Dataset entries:
▬▬▬▬▬▬▬▬▬▬
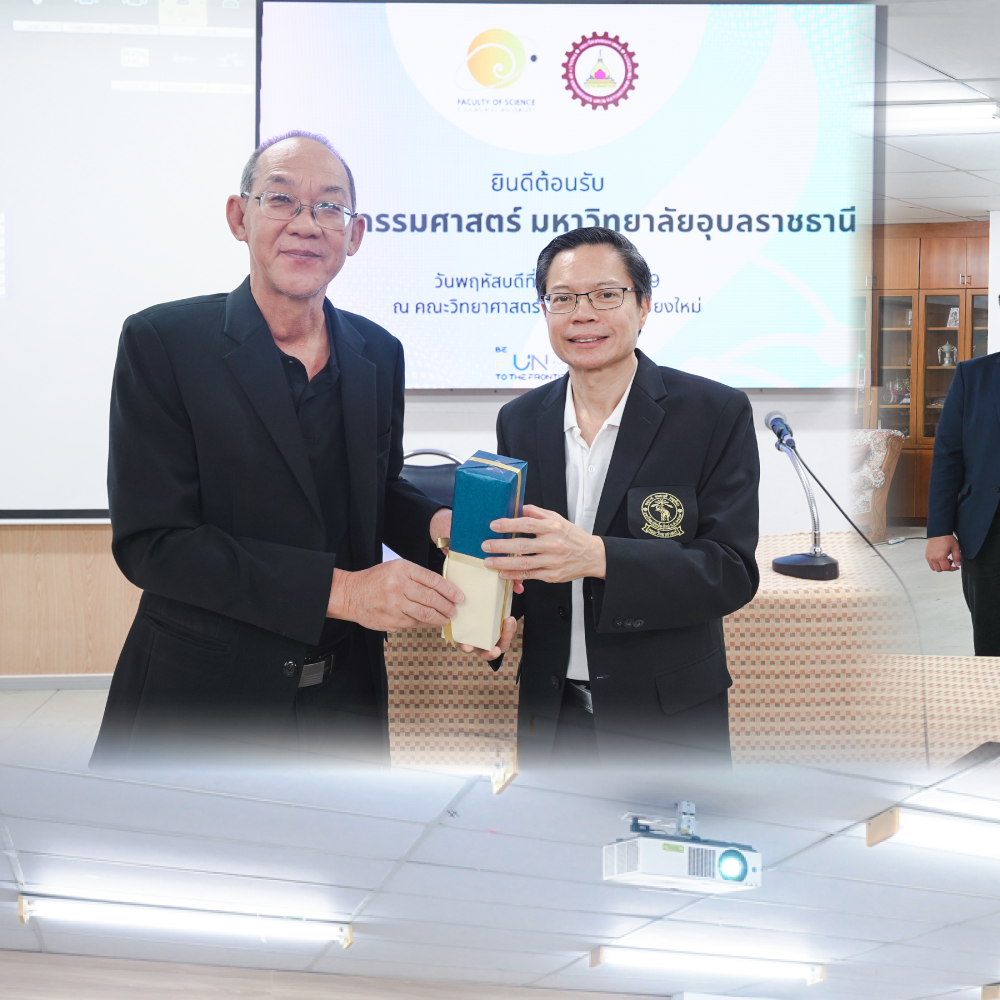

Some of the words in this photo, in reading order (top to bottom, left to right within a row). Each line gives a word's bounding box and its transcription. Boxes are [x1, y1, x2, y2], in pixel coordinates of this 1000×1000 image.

[491, 171, 604, 192] ยินดีต้อนรับ
[531, 206, 856, 241] มหาวิทยาลัยอุบลราชธานี
[393, 302, 409, 314] ณ
[415, 299, 541, 314] คณะวิทยาศาสตร
[495, 373, 508, 381] TO
[509, 373, 527, 381] THE
▬▬▬▬▬▬▬▬▬▬
REQUIREMENT: Copy the data verbatim, skipping any image it holds.

RESPONSE:
Some of the words in this photo, in reading order (top to bottom, left to right within a row). Each line gives a word's bounding box and its transcription. Boxes are [x1, y1, x2, y2], in pixel coordinates of this 1000×1000 image.

[491, 171, 604, 192] ยินดีต้อนรับ
[531, 206, 856, 241] มหาวิทยาลัยอุบลราชธานี
[393, 302, 409, 314] ณ
[415, 299, 541, 314] คณะวิทยาศาสตร
[495, 373, 508, 381] TO
[509, 373, 527, 381] THE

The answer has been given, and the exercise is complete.